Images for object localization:
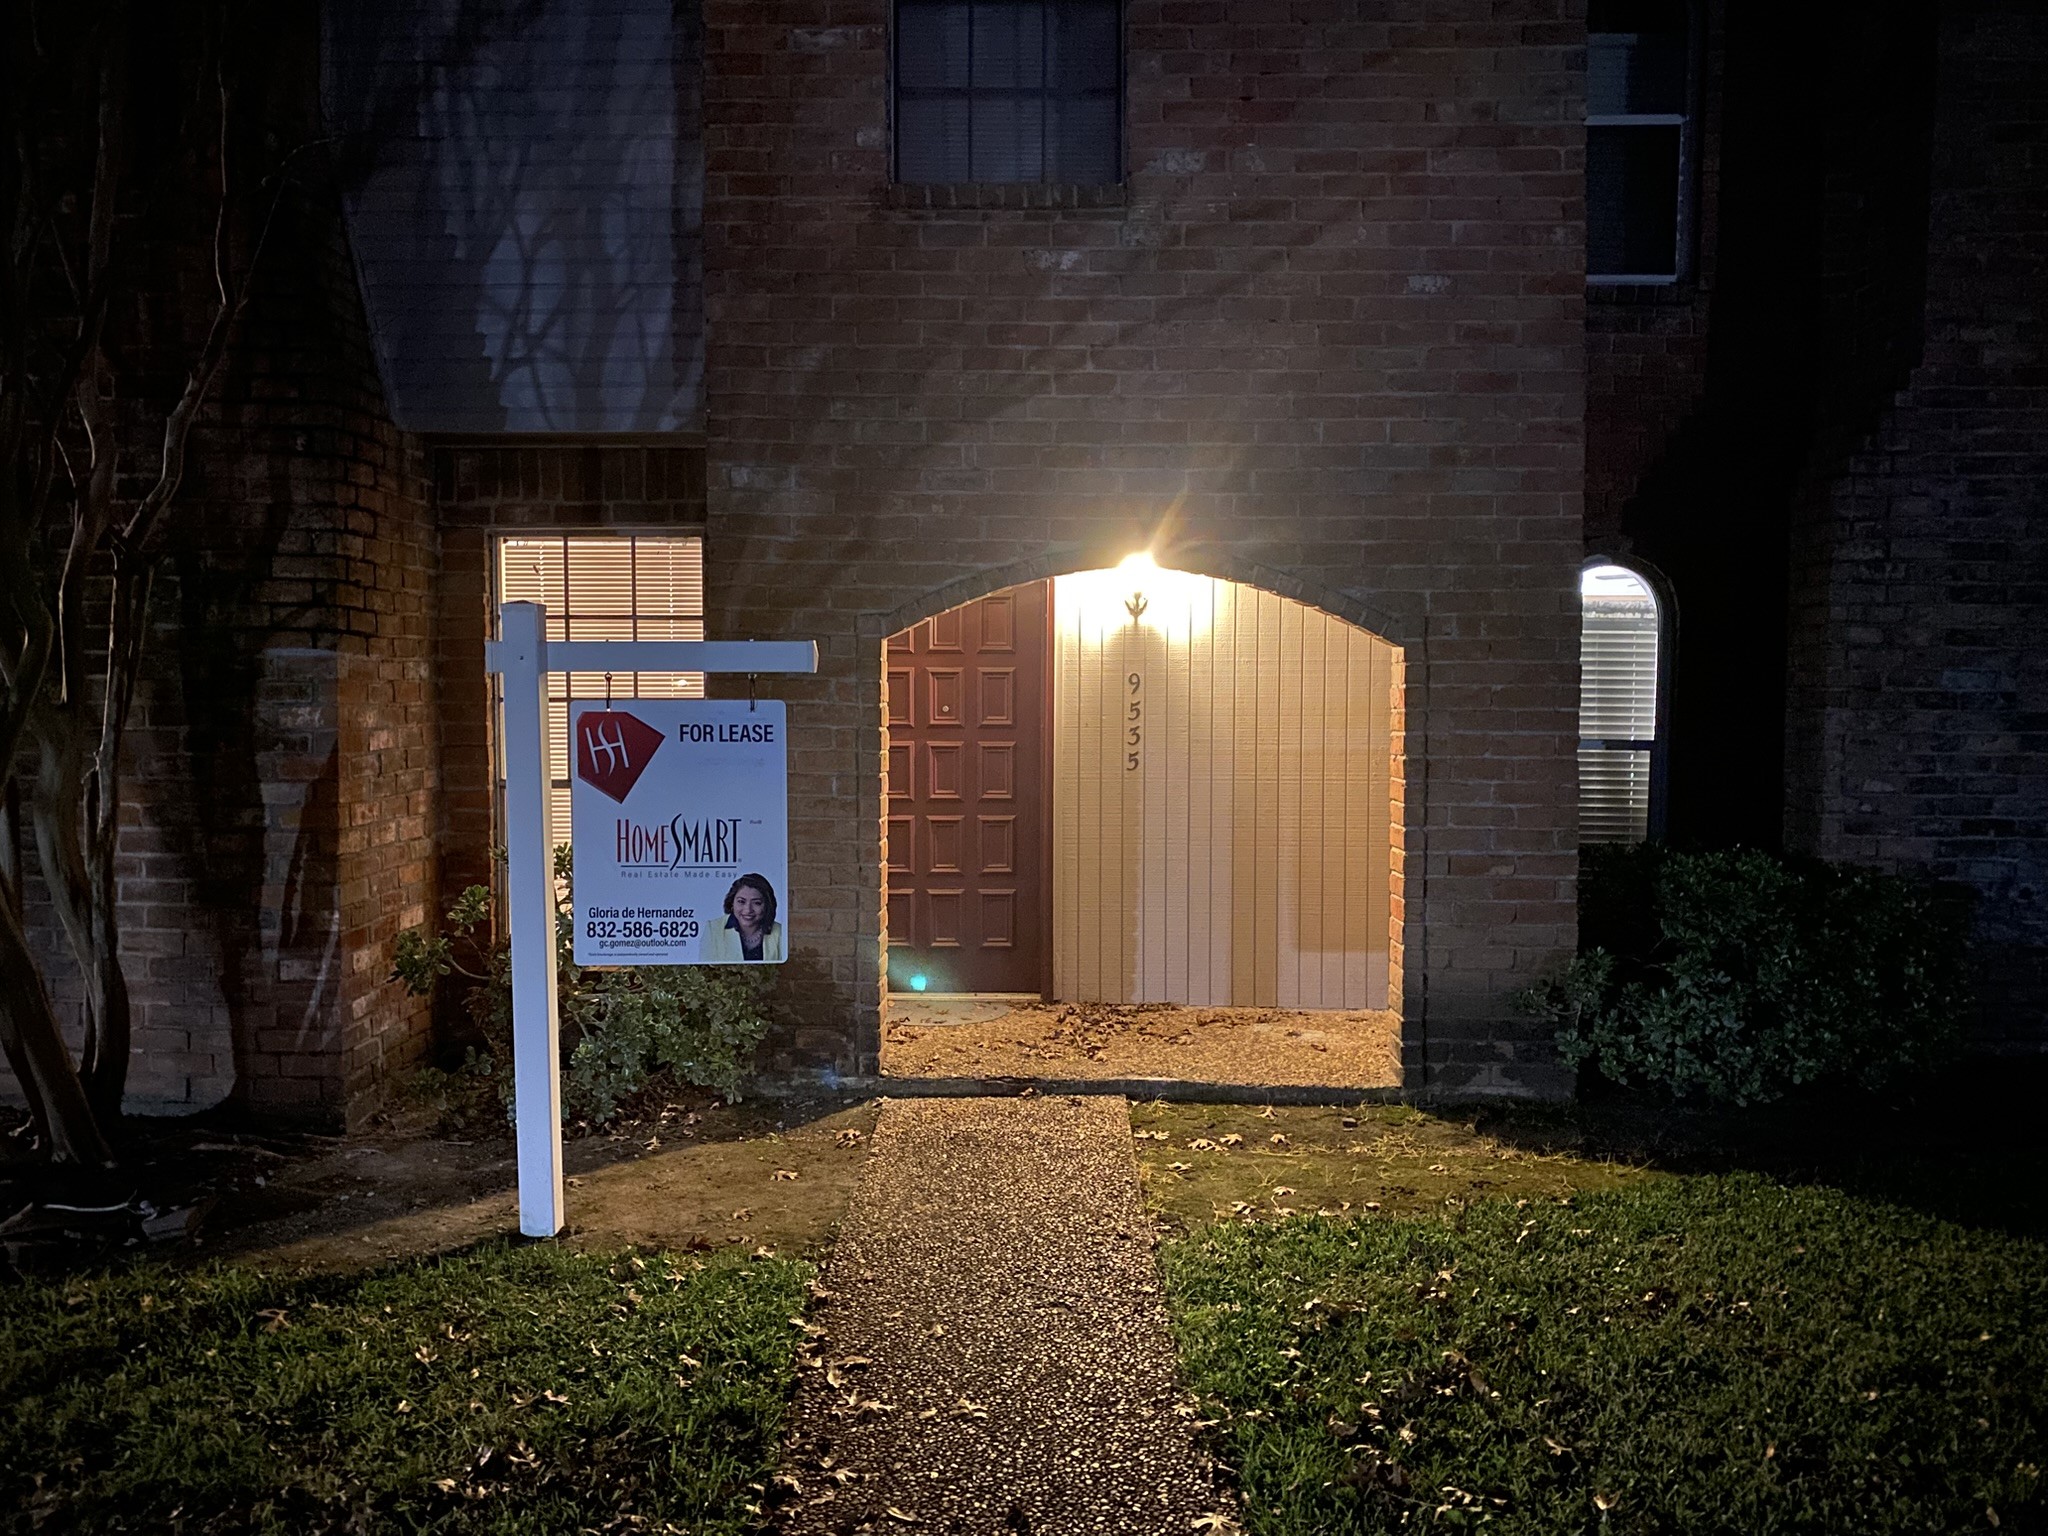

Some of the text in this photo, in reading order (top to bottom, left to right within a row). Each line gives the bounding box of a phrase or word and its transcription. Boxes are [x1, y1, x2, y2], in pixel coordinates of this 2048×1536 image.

[1126, 672, 1141, 771] 9535
[679, 724, 774, 743] FOR LEASE
[621, 870, 738, 880] Real Estate Made Easy
[588, 907, 694, 919] Gloria de Hernandez
[586, 921, 699, 938] 832-586-6829
[599, 938, 687, 949] gc.gomez@outlook.com

● **Requirement**
Each record, word for word, should be printed again without its pictures.

● **Answer to the problem**
Some of the text in this photo, in reading order (top to bottom, left to right within a row). Each line gives the bounding box of a phrase or word and its transcription. Boxes are [x1, y1, x2, y2], in pixel coordinates of this 2048×1536 image.

[1126, 672, 1141, 771] 9535
[679, 724, 774, 743] FOR LEASE
[621, 870, 738, 880] Real Estate Made Easy
[588, 907, 694, 919] Gloria de Hernandez
[586, 921, 699, 938] 832-586-6829
[599, 938, 687, 949] gc.gomez@outlook.com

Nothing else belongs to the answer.